Exercise brief: Your answer should be the records, copied exactly, with the pictures removed.

Data for analysis:

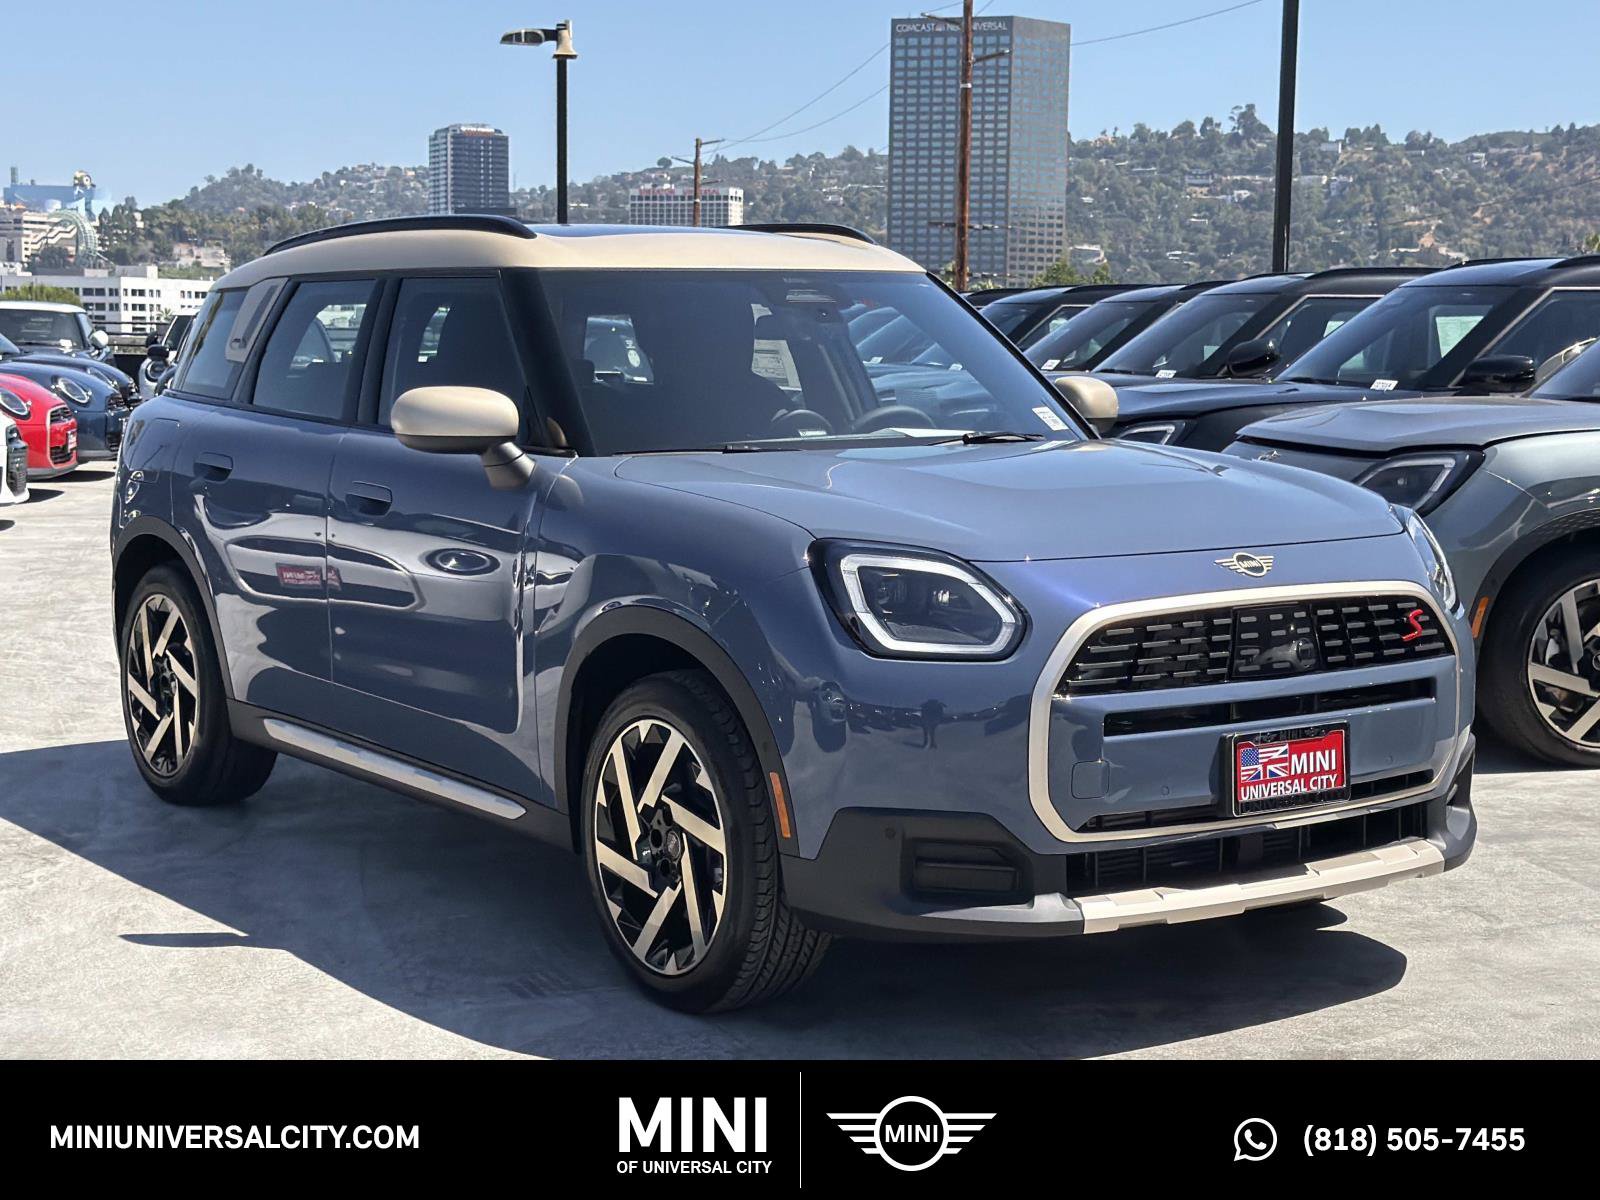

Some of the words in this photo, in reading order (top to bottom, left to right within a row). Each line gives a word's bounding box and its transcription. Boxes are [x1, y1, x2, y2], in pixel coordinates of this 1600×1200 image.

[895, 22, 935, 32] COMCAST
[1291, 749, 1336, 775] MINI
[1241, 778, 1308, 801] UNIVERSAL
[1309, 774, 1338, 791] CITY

Output:
Some of the words in this photo, in reading order (top to bottom, left to right within a row). Each line gives a word's bounding box and its transcription. Boxes are [x1, y1, x2, y2], in pixel coordinates of this 1600×1200 image.

[895, 22, 935, 32] COMCAST
[1291, 749, 1336, 775] MINI
[1241, 778, 1308, 801] UNIVERSAL
[1309, 774, 1338, 791] CITY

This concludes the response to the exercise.